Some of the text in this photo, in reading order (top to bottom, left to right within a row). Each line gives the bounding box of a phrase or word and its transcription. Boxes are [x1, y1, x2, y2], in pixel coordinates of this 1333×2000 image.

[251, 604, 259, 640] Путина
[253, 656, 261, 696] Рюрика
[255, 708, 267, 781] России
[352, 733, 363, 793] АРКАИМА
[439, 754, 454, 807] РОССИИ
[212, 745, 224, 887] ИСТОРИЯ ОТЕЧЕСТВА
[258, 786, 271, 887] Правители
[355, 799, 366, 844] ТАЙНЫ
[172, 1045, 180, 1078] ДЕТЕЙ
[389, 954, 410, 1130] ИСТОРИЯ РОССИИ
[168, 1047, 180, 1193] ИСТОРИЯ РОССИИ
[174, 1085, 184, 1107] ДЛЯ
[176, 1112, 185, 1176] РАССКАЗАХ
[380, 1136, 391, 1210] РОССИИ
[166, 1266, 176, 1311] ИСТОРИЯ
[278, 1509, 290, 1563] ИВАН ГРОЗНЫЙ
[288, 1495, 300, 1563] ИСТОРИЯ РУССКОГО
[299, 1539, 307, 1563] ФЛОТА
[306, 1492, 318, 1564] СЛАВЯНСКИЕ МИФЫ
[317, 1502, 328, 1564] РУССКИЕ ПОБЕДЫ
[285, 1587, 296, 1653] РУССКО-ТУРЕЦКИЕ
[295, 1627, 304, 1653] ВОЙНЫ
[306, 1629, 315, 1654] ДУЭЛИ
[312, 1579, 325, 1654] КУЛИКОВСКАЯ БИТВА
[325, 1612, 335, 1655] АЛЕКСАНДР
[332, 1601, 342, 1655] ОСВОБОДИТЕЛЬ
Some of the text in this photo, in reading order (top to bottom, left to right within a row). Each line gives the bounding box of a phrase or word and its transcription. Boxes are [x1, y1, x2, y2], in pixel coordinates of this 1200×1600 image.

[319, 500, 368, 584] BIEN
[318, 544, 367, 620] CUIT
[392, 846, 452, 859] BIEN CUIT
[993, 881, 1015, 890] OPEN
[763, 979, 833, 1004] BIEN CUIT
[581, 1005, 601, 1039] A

++++

EXERCISE DESCRIPTION:
The records above are to be transcribed exactly, with nothing left out.

ANSWER SECTION:
Some of the text in this photo, in reading order (top to bottom, left to right within a row). Each line gives the bounding box of a phrase or word and its transcription. Boxes are [x1, y1, x2, y2], in pixel coordinates of this 1333×2000 image.

[251, 604, 259, 640] Путина
[253, 656, 261, 696] Рюрика
[255, 708, 267, 781] России
[352, 733, 363, 793] АРКАИМА
[439, 754, 454, 807] РОССИИ
[212, 745, 224, 887] ИСТОРИЯ ОТЕЧЕСТВА
[258, 786, 271, 887] Правители
[355, 799, 366, 844] ТАЙНЫ
[172, 1045, 180, 1078] ДЕТЕЙ
[389, 954, 410, 1130] ИСТОРИЯ РОССИИ
[168, 1047, 180, 1193] ИСТОРИЯ РОССИИ
[174, 1085, 184, 1107] ДЛЯ
[176, 1112, 185, 1176] РАССКАЗАХ
[380, 1136, 391, 1210] РОССИИ
[166, 1266, 176, 1311] ИСТОРИЯ
[278, 1509, 290, 1563] ИВАН ГРОЗНЫЙ
[288, 1495, 300, 1563] ИСТОРИЯ РУССКОГО
[299, 1539, 307, 1563] ФЛОТА
[306, 1492, 318, 1564] СЛАВЯНСКИЕ МИФЫ
[317, 1502, 328, 1564] РУССКИЕ ПОБЕДЫ
[285, 1587, 296, 1653] РУССКО-ТУРЕЦКИЕ
[295, 1627, 304, 1653] ВОЙНЫ
[306, 1629, 315, 1654] ДУЭЛИ
[312, 1579, 325, 1654] КУЛИКОВСКАЯ БИТВА
[325, 1612, 335, 1655] АЛЕКСАНДР
[332, 1601, 342, 1655] ОСВОБОДИТЕЛЬ
Some of the text in this photo, in reading order (top to bottom, left to right within a row). Each line gives the bounding box of a phrase or word and its transcription. Boxes are [x1, y1, x2, y2], in pixel coordinates of this 1200×1600 image.

[319, 500, 368, 584] BIEN
[318, 544, 367, 620] CUIT
[392, 846, 452, 859] BIEN CUIT
[993, 881, 1015, 890] OPEN
[763, 979, 833, 1004] BIEN CUIT
[581, 1005, 601, 1039] A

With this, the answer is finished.